TASK TO CARRY OUT:
With the images left out, print every entry that follows exactly.

DATA TO PROCESS:
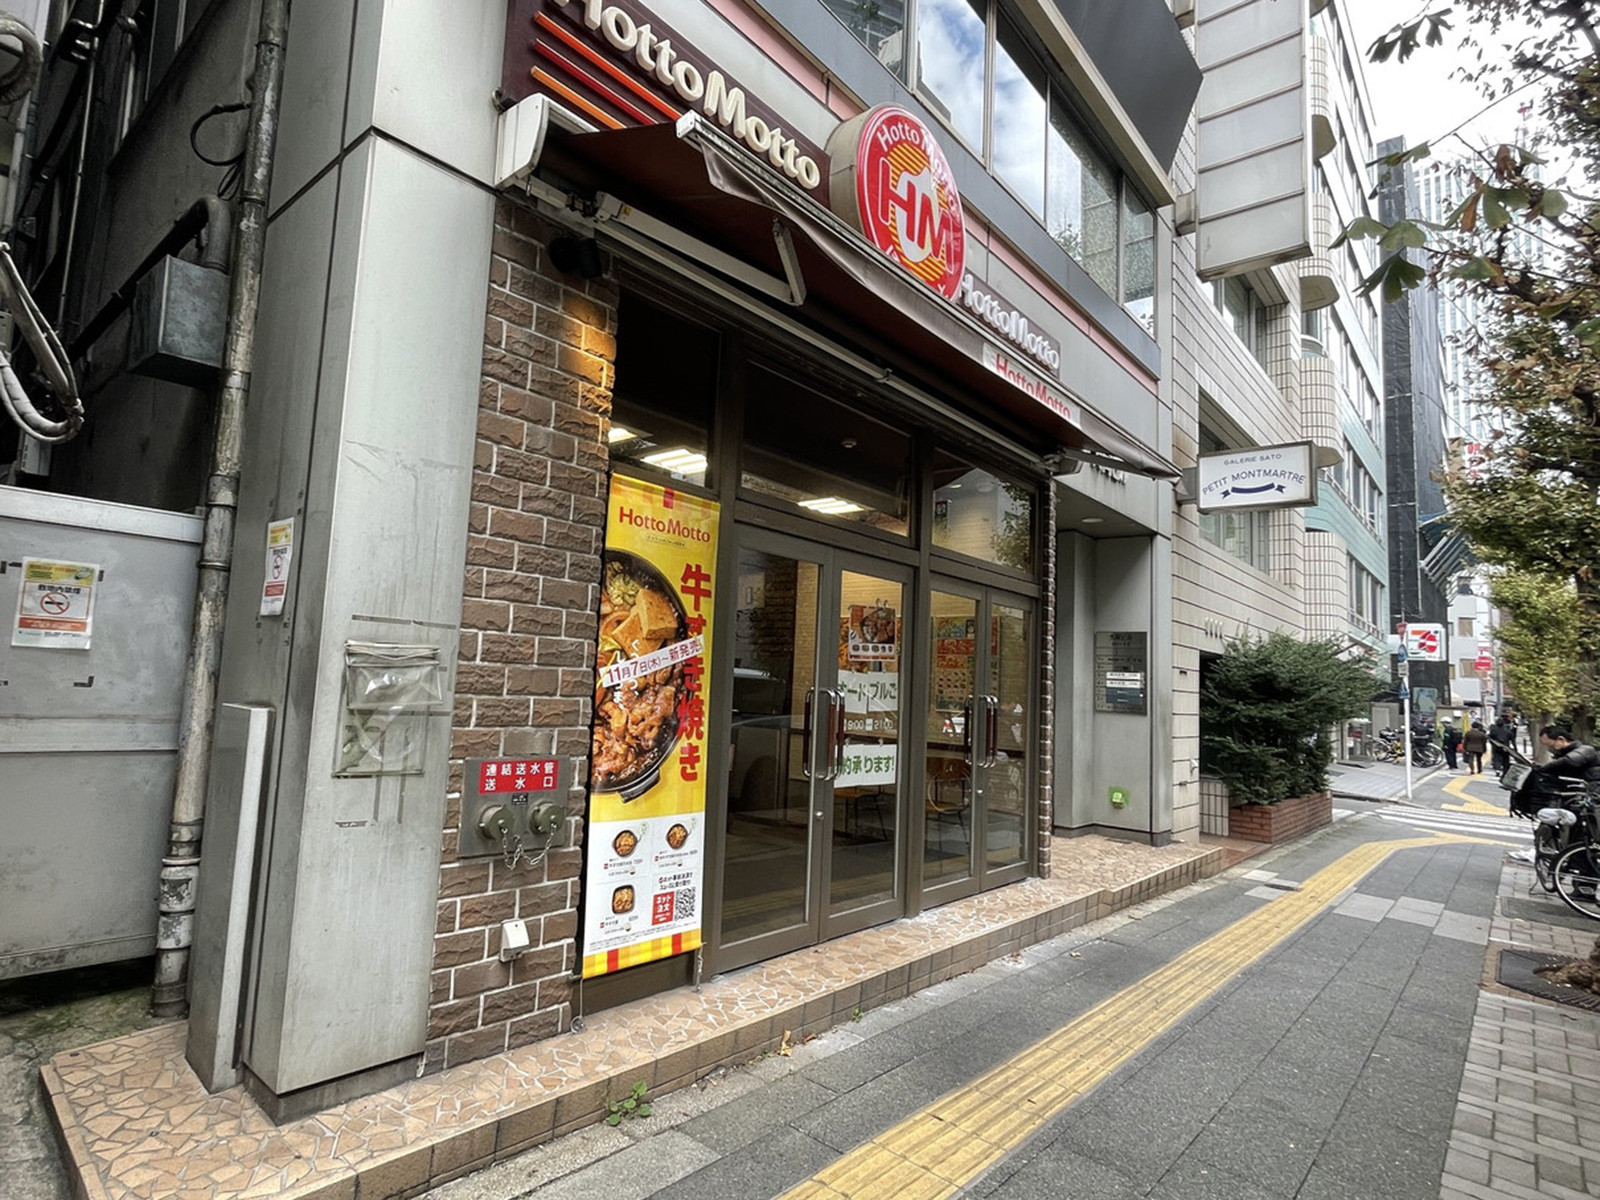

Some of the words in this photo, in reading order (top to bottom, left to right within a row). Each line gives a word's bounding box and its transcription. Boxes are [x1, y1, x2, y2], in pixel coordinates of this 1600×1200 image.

[1224, 457, 1257, 466] GALERIE
[1260, 453, 1282, 463] SATO
[1202, 476, 1227, 495] PETIT
[1231, 469, 1306, 485] MONTMARTRE
[486, 762, 554, 777] 連結送水管
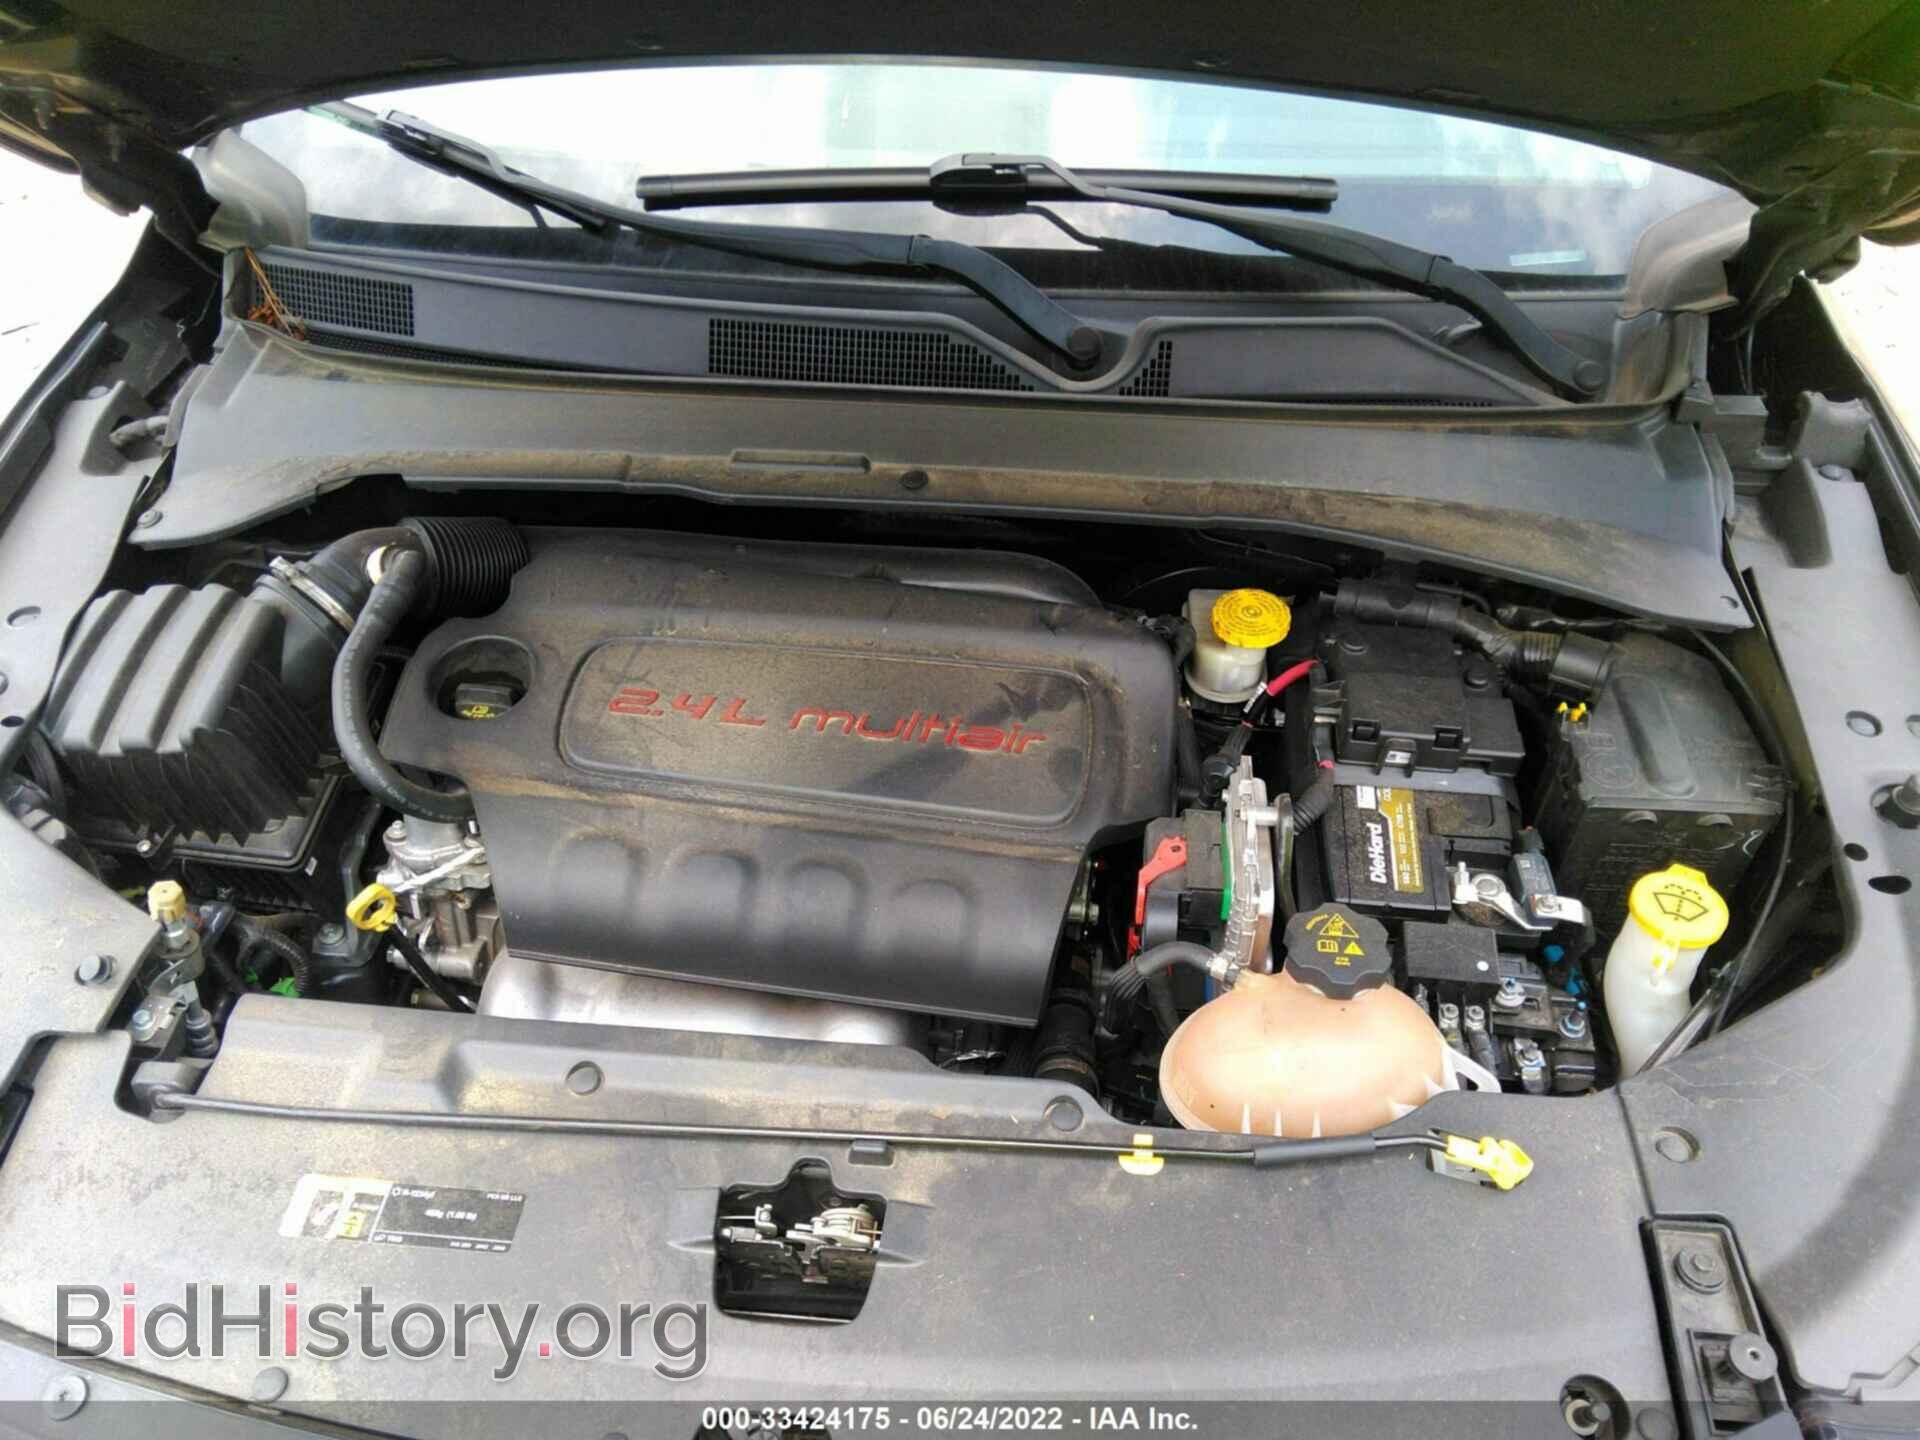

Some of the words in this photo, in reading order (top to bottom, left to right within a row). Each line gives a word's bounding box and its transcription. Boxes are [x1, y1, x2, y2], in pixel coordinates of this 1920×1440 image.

EXERCISE SOLUTION:
Some of the words in this photo, in reading order (top to bottom, left to right within a row). Each line gives a word's bounding box and its transcription. Boxes are [x1, y1, x2, y2], in pixel coordinates of this 1600×1200 image.

[1224, 457, 1257, 466] GALERIE
[1260, 453, 1282, 463] SATO
[1202, 476, 1227, 495] PETIT
[1231, 469, 1306, 485] MONTMARTRE
[486, 762, 554, 777] 連結送水管

Some of the words in this photo, in reading order (top to bottom, left to right within a row). Each line gives a word's bounding box and its transcription. Boxes are [x1, y1, x2, y2], in pixel coordinates of this 1920×1440 image.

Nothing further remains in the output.